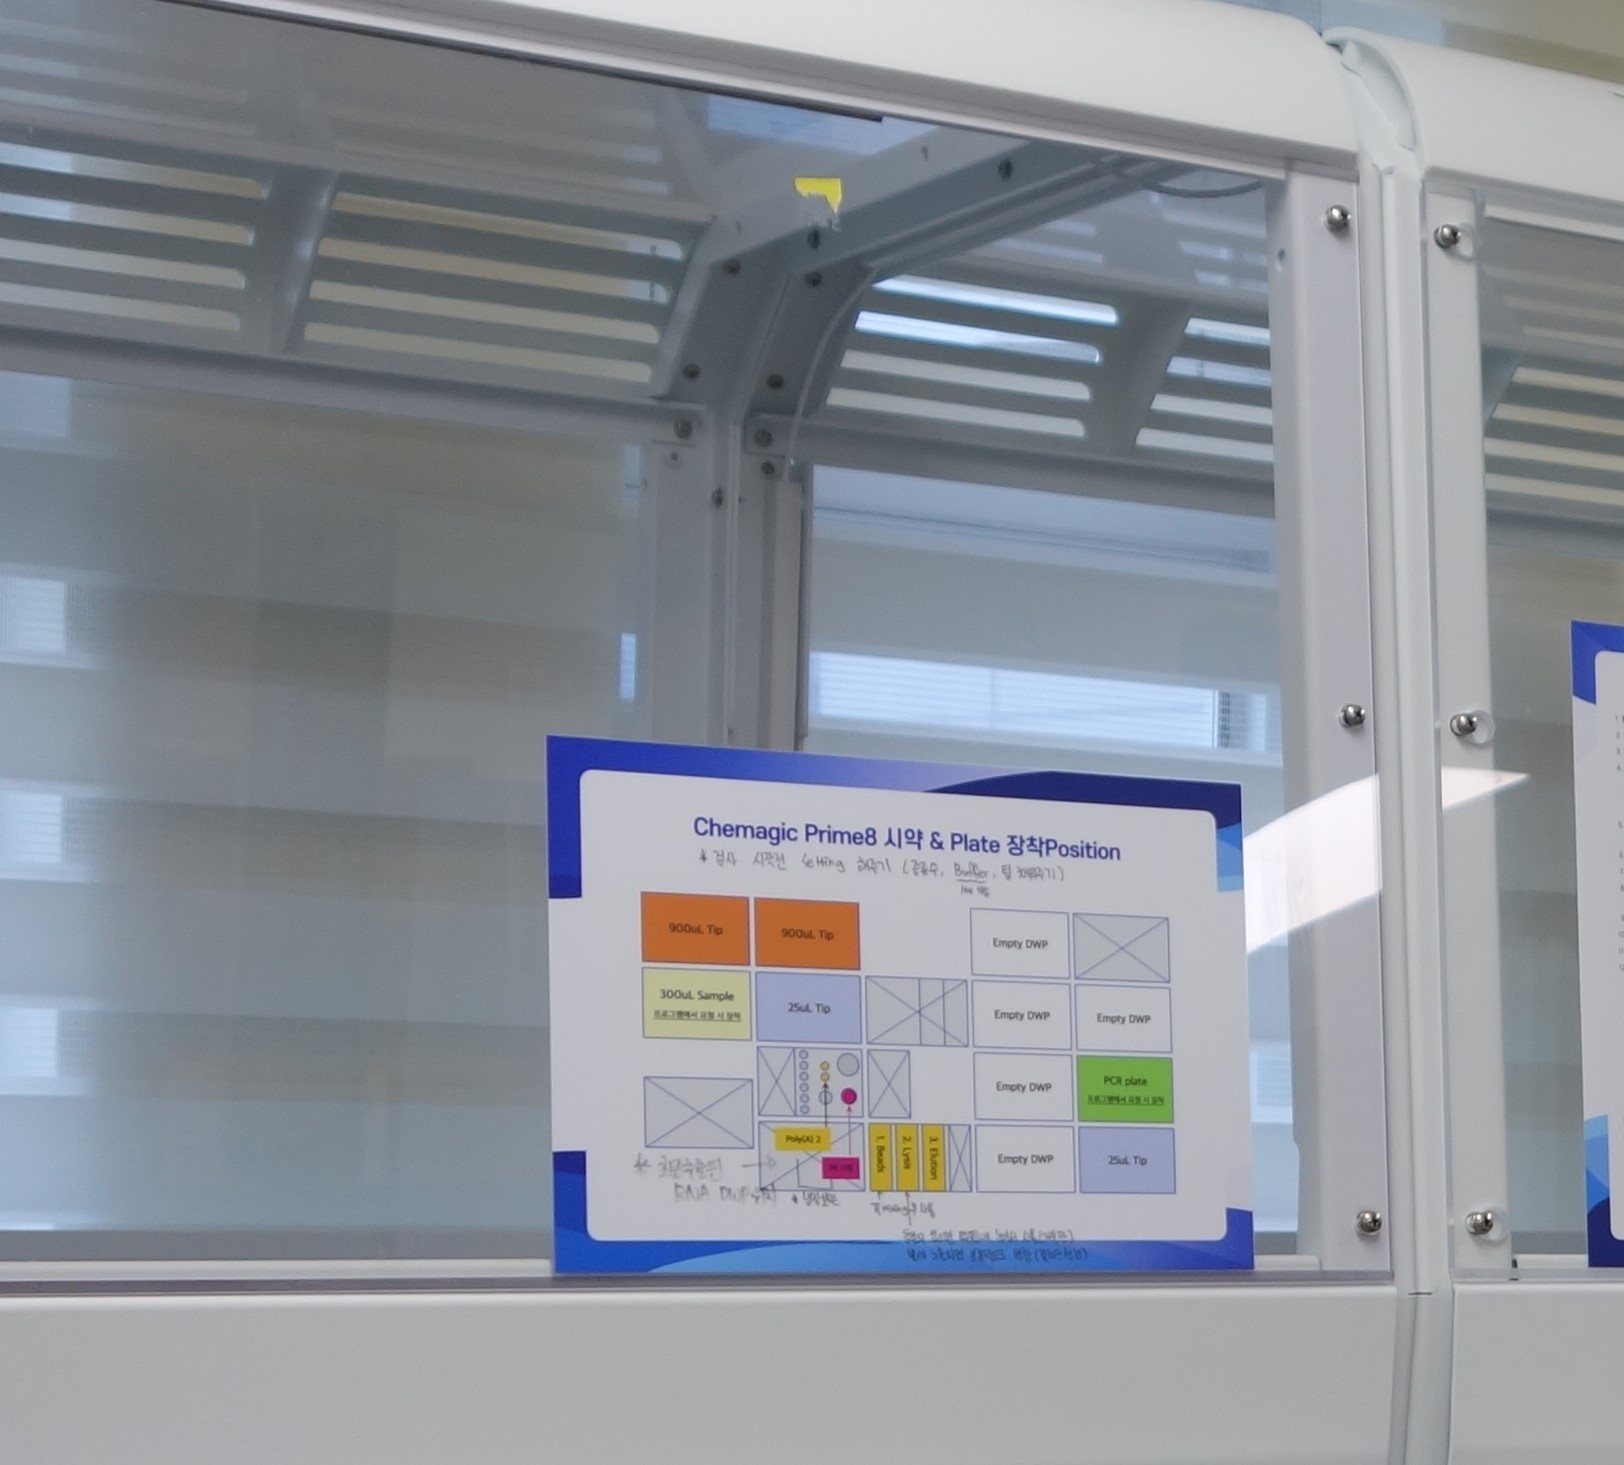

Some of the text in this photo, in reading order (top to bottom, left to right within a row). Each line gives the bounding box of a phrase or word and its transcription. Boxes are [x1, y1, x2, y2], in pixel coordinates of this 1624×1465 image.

[693, 816, 1121, 861] Chemagic Prime8 시약 & Plate 장착Position
[669, 922, 723, 936] 900uL Tip
[781, 927, 834, 941] 900uL Tip
[992, 937, 1048, 949] Empty DWP
[659, 989, 735, 1003] 300uL Sample
[787, 1002, 831, 1015] 25uL Tip
[994, 1009, 1050, 1021] Empty DWP
[1096, 1013, 1151, 1025] Empty DWP
[996, 1081, 1052, 1093] Empty DWP
[1103, 1075, 1148, 1087] PCR plate
[815, 1135, 822, 1144] 2
[875, 1145, 886, 1173] Beads
[902, 1146, 911, 1170] Lysis
[929, 1145, 938, 1180] Elution
[997, 1153, 1054, 1165] Empty DWP
[1107, 1155, 1148, 1166] 25uL Tip
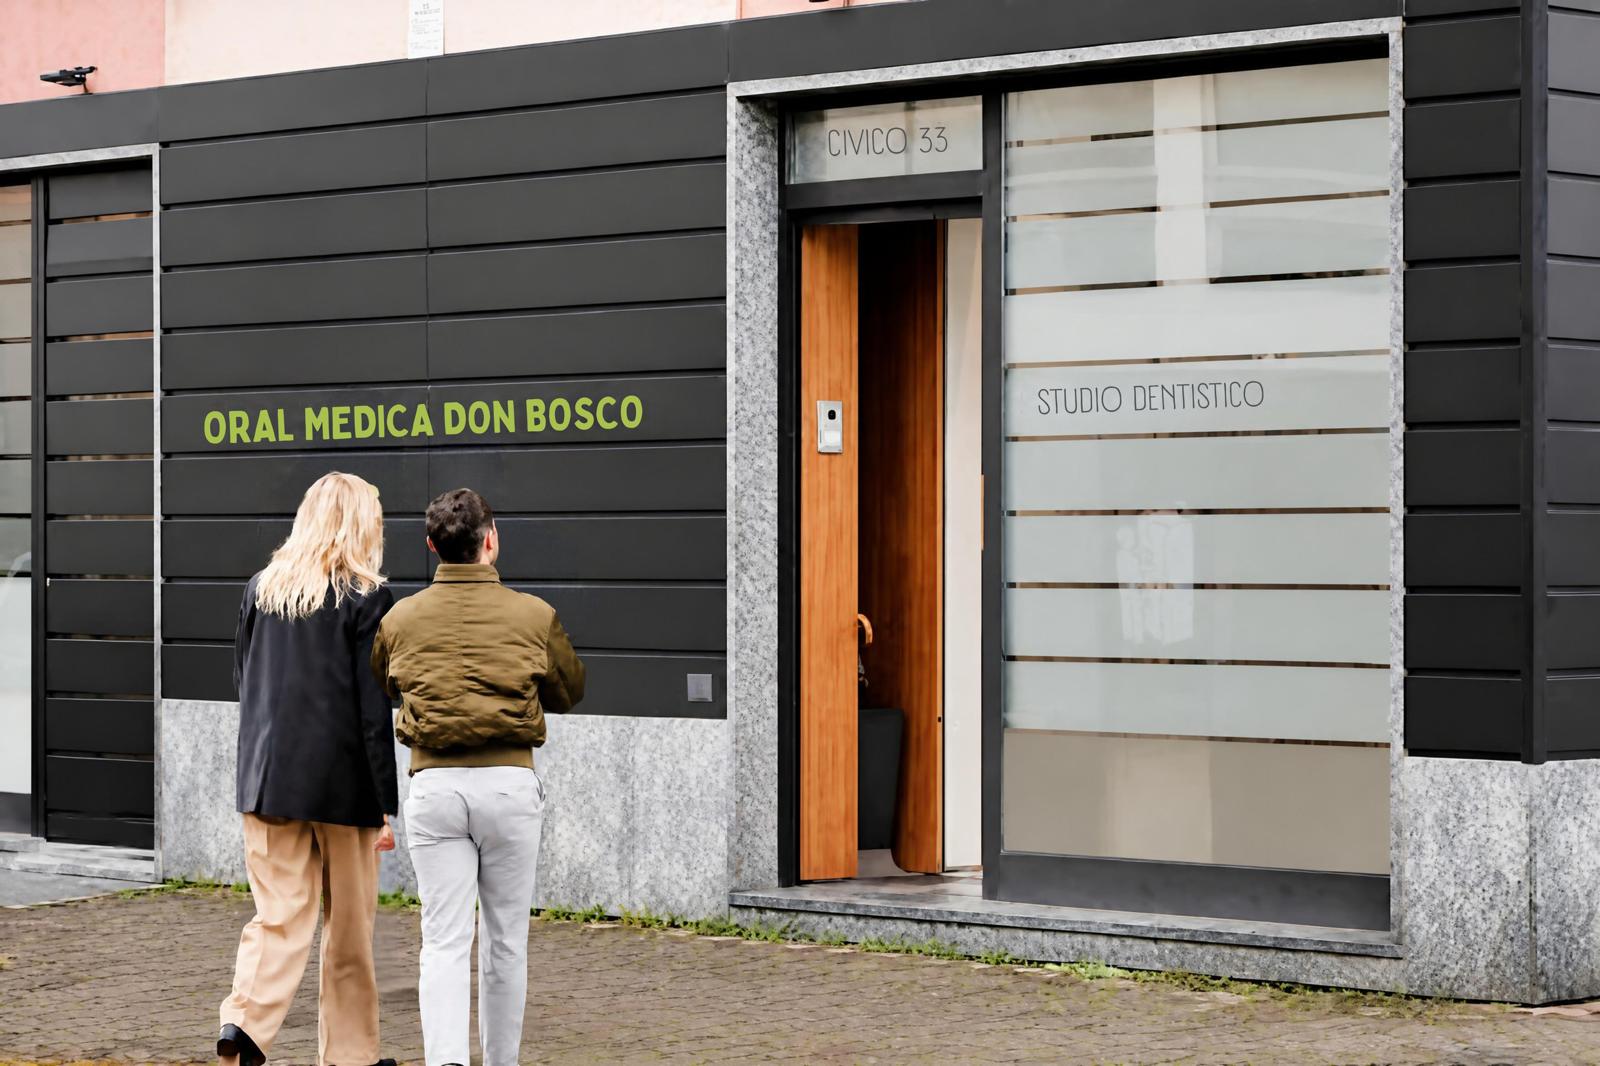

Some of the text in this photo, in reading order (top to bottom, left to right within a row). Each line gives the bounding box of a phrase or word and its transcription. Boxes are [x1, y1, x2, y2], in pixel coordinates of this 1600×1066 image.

[828, 126, 948, 156] CIVICO 33
[1037, 380, 1264, 415] STUDIO DENTISTICO
[203, 395, 643, 444] ORAL MEDICA DON BOSCO

* **REQUIREMENT**: What is needed is a verbatim copy of the material, minus its pictures.

* **YOUR SOLUTION**:
Some of the text in this photo, in reading order (top to bottom, left to right within a row). Each line gives the bounding box of a phrase or word and its transcription. Boxes are [x1, y1, x2, y2], in pixel coordinates of this 1624×1465 image.

[693, 816, 1121, 861] Chemagic Prime8 시약 & Plate 장착Position
[669, 922, 723, 936] 900uL Tip
[781, 927, 834, 941] 900uL Tip
[992, 937, 1048, 949] Empty DWP
[659, 989, 735, 1003] 300uL Sample
[787, 1002, 831, 1015] 25uL Tip
[994, 1009, 1050, 1021] Empty DWP
[1096, 1013, 1151, 1025] Empty DWP
[996, 1081, 1052, 1093] Empty DWP
[1103, 1075, 1148, 1087] PCR plate
[815, 1135, 822, 1144] 2
[875, 1145, 886, 1173] Beads
[902, 1146, 911, 1170] Lysis
[929, 1145, 938, 1180] Elution
[997, 1153, 1054, 1165] Empty DWP
[1107, 1155, 1148, 1166] 25uL Tip

Some of the text in this photo, in reading order (top to bottom, left to right within a row). Each line gives the bounding box of a phrase or word and its transcription. Boxes are [x1, y1, x2, y2], in pixel coordinates of this 1600×1066 image.

[828, 126, 948, 156] CIVICO 33
[1037, 380, 1264, 415] STUDIO DENTISTICO
[203, 395, 643, 444] ORAL MEDICA DON BOSCO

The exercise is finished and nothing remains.